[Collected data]
# # # #

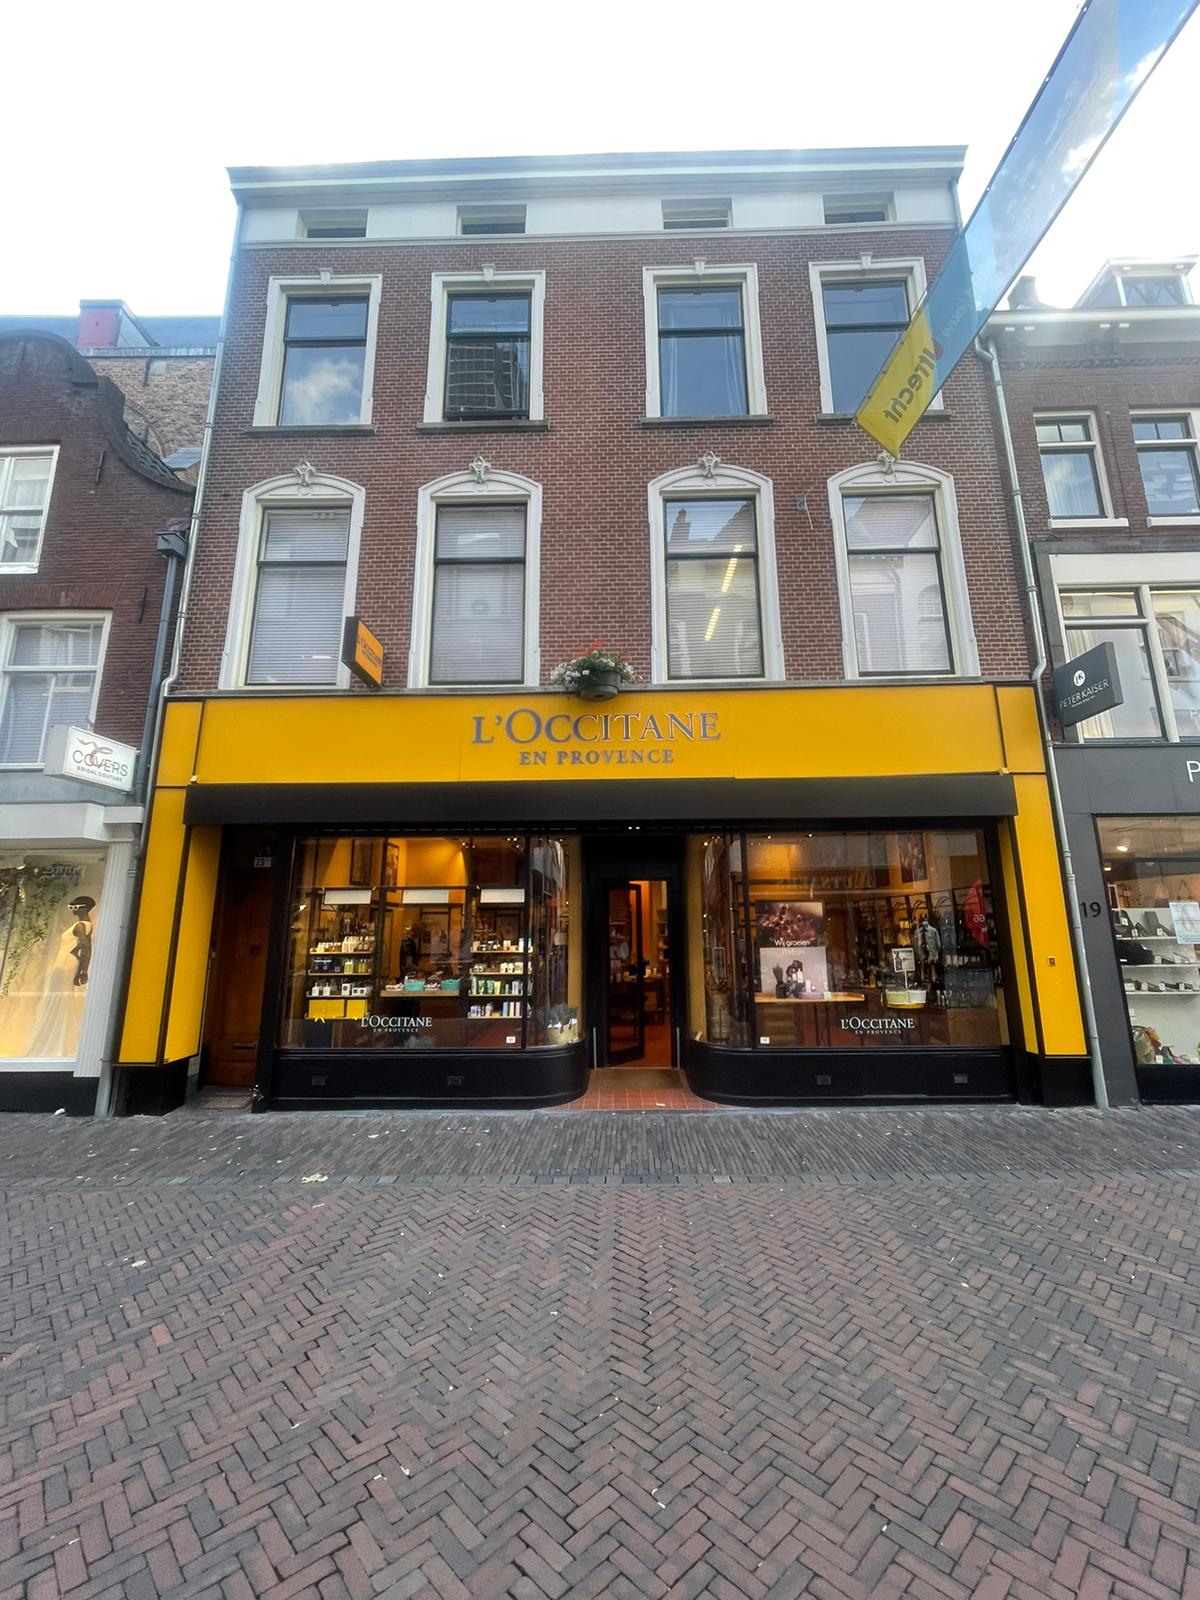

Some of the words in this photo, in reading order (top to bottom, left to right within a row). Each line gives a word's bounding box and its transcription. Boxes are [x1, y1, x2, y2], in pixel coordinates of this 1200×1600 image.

[472, 708, 721, 744] L'OCCITANE
[72, 750, 129, 777] COVERS
[519, 751, 548, 765] EN
[557, 749, 674, 765] PROVENCE
[1080, 901, 1101, 918] 19
[361, 1014, 433, 1028] L'OCCITANE
[841, 1016, 915, 1030] L'OCCITANE

# # # #

**Try it**
Can you restate all the records above word for word while dropping the pictures?

**Expected answer**
Some of the words in this photo, in reading order (top to bottom, left to right within a row). Each line gives a word's bounding box and its transcription. Boxes are [x1, y1, x2, y2], in pixel coordinates of this 1200×1600 image.

[472, 708, 721, 744] L'OCCITANE
[72, 750, 129, 777] COVERS
[519, 751, 548, 765] EN
[557, 749, 674, 765] PROVENCE
[1080, 901, 1101, 918] 19
[361, 1014, 433, 1028] L'OCCITANE
[841, 1016, 915, 1030] L'OCCITANE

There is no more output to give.